Regenerative Medicine approach to Hip pain- PRP treatment.
Treating hip pain can require nuance and thoroughness. If you’d like to learn more, send us a message.
So I had a really interesting hip case, hip pain patient this past week, that I think, has a lot of interesting things, that we can all learn from. And I think for patients to understand, how we handle musculoskeletal issues, when it comes to wear and tear arthritis. There are some subtleties that are important to understand.
So when it comes to wear and tear arthritis, it’s so important to understand, that it is very rarely just one structure that’s the problem, it’s a whole unit that’s problematic. Meaning when somebody comes in with hip pain, you can’t just think that, the hip joint that’s a problem. You have to ask, are there any soft tissue issues, ligaments, tendons? Is there any other adjacent joint, like the SI joint, or anything nerve related, from the lower back that could be related.
So in this particular case, and I actually made a TikTok video of this, and I put it up on all of our social sites, and I got a lot of interesting kind of feedback from that. It was a woman who has some chronic lower back issues, and has some more recent onset right hip pain. And upon examination, imaging, discussion, we sort of figured out that, her pain was maybe slightly coming from the hip joint, but more predominantly from the soft tissue structures, meaning tendons around the hip, and then also from the lower back and the SI joint.

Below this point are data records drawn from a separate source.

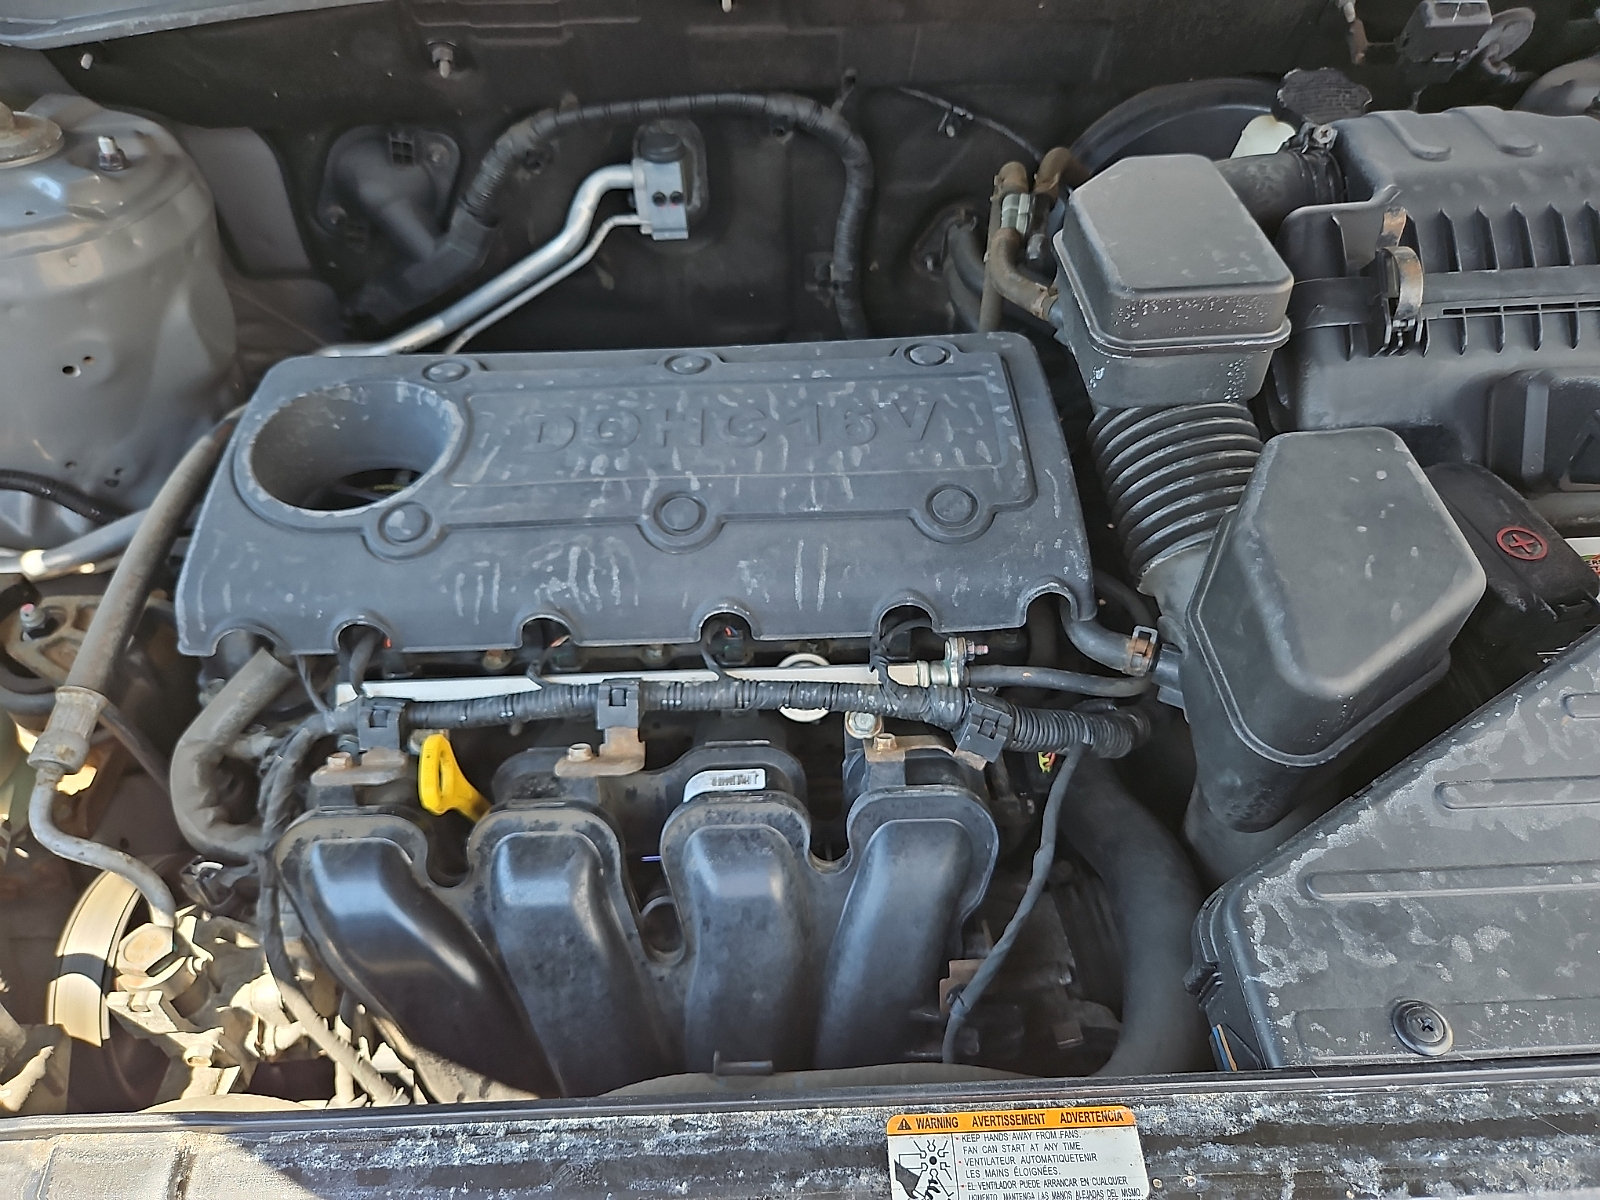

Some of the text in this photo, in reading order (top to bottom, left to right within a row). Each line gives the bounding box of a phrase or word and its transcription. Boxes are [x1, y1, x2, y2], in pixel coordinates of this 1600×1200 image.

[916, 1110, 1124, 1130] WARNING AVERTISSEMENT ADVERTENCIA
[961, 1133, 981, 1143] KEEP
[984, 1132, 1009, 1142] HANDS
[1011, 1131, 1033, 1141] AWAY
[1036, 1130, 1057, 1140] FROM
[963, 1145, 978, 1155] FAN
[982, 1144, 998, 1154] CAN
[1002, 1143, 1026, 1153] START
[1030, 1143, 1040, 1152] AT
[1044, 1142, 1058, 1152] ANY
[964, 1153, 1098, 1166] VENTILATEUR AUTOMATIQUETENIR
[965, 1165, 1061, 1179] LES MAINS ÉLOIGNÉES.
[967, 1176, 1129, 1191] EL VENTILADOR PUEDE ARRANCAR EN CUALQUIER
[1003, 1192, 1035, 1200] MANTENGA
[1038, 1191, 1049, 1200] LAS
[1052, 1190, 1073, 1200] MANOS
[1106, 1188, 1119, 1198] DEL

So she had failed multiple other conservative processes, and treatments. So we ended up proceeding with platelet rich plasma, and were able to help her out because we ended up using a very high concentration of platelet rich plasma into the hip joint and the SI joint. We also ended up injecting a lower concentration of platelet rich plasma into the hip tendons and ligaments. And then lastly, also injecting platelet growth factors, into the epidural space, to treat some of the nerve related pain.

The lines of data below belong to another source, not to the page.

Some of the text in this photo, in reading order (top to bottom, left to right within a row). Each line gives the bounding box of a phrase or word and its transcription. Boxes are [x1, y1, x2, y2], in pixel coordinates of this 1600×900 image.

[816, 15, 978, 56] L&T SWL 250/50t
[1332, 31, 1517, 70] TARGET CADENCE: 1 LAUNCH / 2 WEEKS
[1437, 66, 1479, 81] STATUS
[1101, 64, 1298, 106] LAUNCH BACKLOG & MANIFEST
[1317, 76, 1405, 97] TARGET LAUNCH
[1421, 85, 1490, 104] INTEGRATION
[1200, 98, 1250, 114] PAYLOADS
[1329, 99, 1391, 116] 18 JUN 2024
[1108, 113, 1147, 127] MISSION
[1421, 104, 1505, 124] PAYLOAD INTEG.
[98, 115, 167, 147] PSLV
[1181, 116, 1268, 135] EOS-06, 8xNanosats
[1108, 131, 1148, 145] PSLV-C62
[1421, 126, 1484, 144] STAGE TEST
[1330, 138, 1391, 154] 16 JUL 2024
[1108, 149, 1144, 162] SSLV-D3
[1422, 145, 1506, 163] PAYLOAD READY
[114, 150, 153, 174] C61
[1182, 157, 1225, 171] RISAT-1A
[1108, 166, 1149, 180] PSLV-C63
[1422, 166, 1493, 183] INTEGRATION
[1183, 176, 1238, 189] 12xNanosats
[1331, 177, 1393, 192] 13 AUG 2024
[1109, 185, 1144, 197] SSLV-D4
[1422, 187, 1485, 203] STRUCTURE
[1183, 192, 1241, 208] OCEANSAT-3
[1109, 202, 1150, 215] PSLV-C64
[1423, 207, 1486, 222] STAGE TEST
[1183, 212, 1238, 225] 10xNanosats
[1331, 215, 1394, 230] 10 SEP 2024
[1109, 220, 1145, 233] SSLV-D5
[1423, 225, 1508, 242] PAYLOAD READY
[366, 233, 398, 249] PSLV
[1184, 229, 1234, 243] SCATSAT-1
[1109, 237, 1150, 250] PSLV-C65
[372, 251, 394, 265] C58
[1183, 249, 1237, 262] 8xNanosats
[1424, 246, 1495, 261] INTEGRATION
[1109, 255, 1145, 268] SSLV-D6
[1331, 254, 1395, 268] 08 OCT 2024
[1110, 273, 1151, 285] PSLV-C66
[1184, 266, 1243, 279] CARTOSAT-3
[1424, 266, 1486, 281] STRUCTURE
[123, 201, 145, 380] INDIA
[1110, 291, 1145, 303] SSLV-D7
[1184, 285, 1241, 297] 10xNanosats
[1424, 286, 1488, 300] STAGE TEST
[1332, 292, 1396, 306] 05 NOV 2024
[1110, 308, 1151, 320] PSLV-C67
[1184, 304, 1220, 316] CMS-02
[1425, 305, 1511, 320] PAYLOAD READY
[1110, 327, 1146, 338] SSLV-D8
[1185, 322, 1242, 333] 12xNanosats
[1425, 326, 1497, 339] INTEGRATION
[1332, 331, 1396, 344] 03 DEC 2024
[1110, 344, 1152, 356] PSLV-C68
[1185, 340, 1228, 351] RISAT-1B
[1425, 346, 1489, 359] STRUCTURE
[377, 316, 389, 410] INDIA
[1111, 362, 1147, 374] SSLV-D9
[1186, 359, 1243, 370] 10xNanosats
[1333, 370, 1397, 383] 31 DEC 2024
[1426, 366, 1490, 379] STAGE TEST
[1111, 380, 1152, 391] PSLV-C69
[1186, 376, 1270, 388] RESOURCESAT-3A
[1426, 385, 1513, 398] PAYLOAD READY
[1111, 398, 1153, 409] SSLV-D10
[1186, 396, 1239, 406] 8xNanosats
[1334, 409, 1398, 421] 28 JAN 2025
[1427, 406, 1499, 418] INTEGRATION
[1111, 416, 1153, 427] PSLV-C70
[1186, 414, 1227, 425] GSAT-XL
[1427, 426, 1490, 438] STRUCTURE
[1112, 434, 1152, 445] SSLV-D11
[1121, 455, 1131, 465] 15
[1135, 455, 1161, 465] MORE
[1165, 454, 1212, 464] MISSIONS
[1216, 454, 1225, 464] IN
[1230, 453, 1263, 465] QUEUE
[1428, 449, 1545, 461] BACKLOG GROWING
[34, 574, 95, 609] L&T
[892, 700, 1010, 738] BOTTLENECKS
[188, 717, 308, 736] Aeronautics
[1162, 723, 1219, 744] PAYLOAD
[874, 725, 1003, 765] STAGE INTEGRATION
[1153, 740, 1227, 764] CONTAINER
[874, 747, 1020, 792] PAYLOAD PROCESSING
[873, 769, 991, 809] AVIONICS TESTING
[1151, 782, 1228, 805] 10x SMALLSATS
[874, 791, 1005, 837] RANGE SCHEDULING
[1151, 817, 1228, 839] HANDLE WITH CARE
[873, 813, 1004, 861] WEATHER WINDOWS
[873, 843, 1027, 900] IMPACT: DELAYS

I’m very confident that’s going to give her a great result, in large part because we properly pinpointed, where her issue was. Which is that it’s not just coming from the hip joint, but from all those other structures. Number two, because we took a comprehensive approach, which means that instead of just treating, that one structure that might be involved, we treated the whole functional unit. Which meant treating not only the joint, adjacent joints, nerves, soft tissue. And because of that, she’ll likely do better longer term as well. And lastly, because using like really high level ultrasound and X ray guidance, able to make sure we’re really directly, and exactly hitting the right things, which will go a long way to getting her to feel better longer term as well.
The other aspect in her case, was she actually had a similar kind of pain, couple years ago for the left side, and did dramatically well when we had the same kind of approach to treatment. So I’m very confident she’ll actually do well there as well. But big takeaways are, if you do have some kind of joint issue, it’s never good enough to just say, hey my problem is just this one thing. You really have to think two, three orders deeper, to really get out what’s really driving things, to get a better result.